(Items listed in a dataset)
※
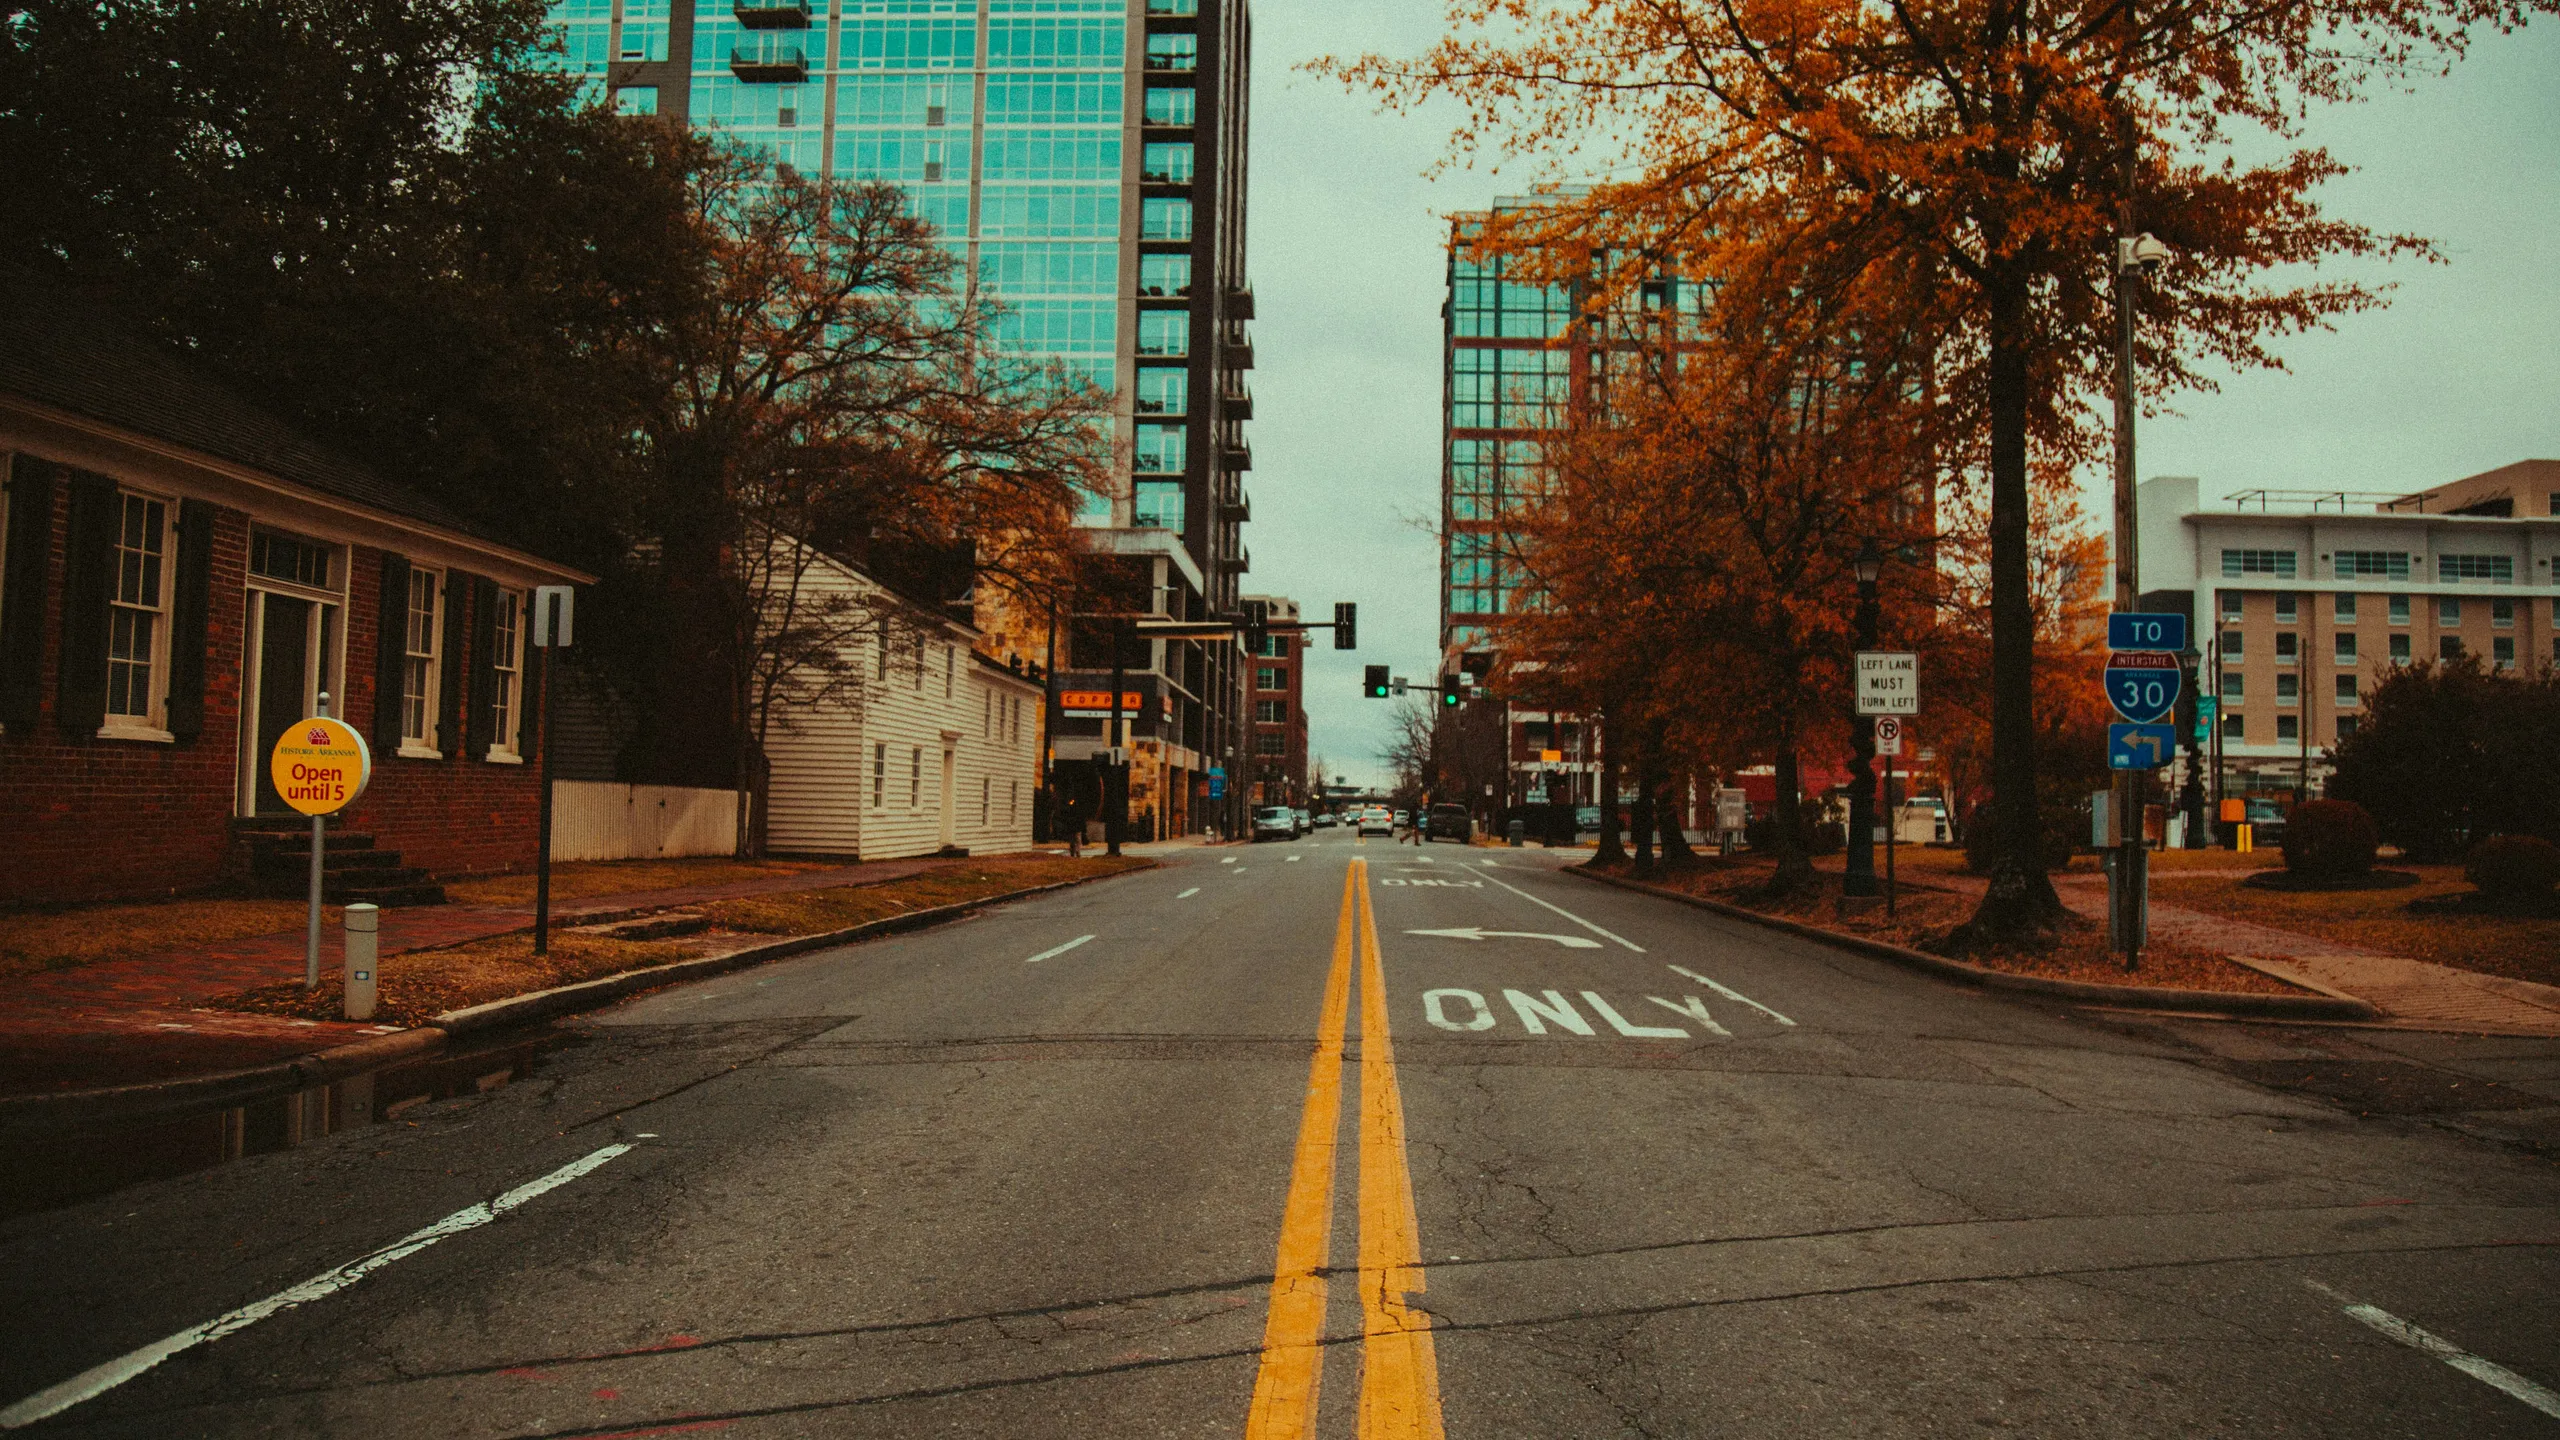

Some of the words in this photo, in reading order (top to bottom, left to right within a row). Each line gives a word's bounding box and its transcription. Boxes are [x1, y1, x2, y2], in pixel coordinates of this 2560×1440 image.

[2131, 622, 2162, 642] TO
[1861, 660, 1883, 670] LEFT
[1889, 660, 1913, 670] LANE
[2117, 656, 2168, 666] INTERSTATE
[1871, 677, 1904, 690] MUST
[1066, 695, 1137, 705] COPPR
[2122, 681, 2164, 708] 30
[1861, 697, 1886, 707] TURN
[1892, 697, 1915, 708] LEFT
[319, 748, 356, 756] ARKANSAS
[292, 763, 342, 785] Open
[288, 783, 330, 800] until
[334, 785, 344, 801] 5
[1382, 879, 1484, 888] ONLY
[1422, 988, 1733, 1037] ONLY
※
What to do:
Leave the images out and print each entry exactly.

Completed exercise:
Some of the words in this photo, in reading order (top to bottom, left to right within a row). Each line gives a word's bounding box and its transcription. Boxes are [x1, y1, x2, y2], in pixel coordinates of this 2560×1440 image.

[2131, 622, 2162, 642] TO
[1861, 660, 1883, 670] LEFT
[1889, 660, 1913, 670] LANE
[2117, 656, 2168, 666] INTERSTATE
[1871, 677, 1904, 690] MUST
[1066, 695, 1137, 705] COPPR
[2122, 681, 2164, 708] 30
[1861, 697, 1886, 707] TURN
[1892, 697, 1915, 708] LEFT
[319, 748, 356, 756] ARKANSAS
[292, 763, 342, 785] Open
[288, 783, 330, 800] until
[334, 785, 344, 801] 5
[1382, 879, 1484, 888] ONLY
[1422, 988, 1733, 1037] ONLY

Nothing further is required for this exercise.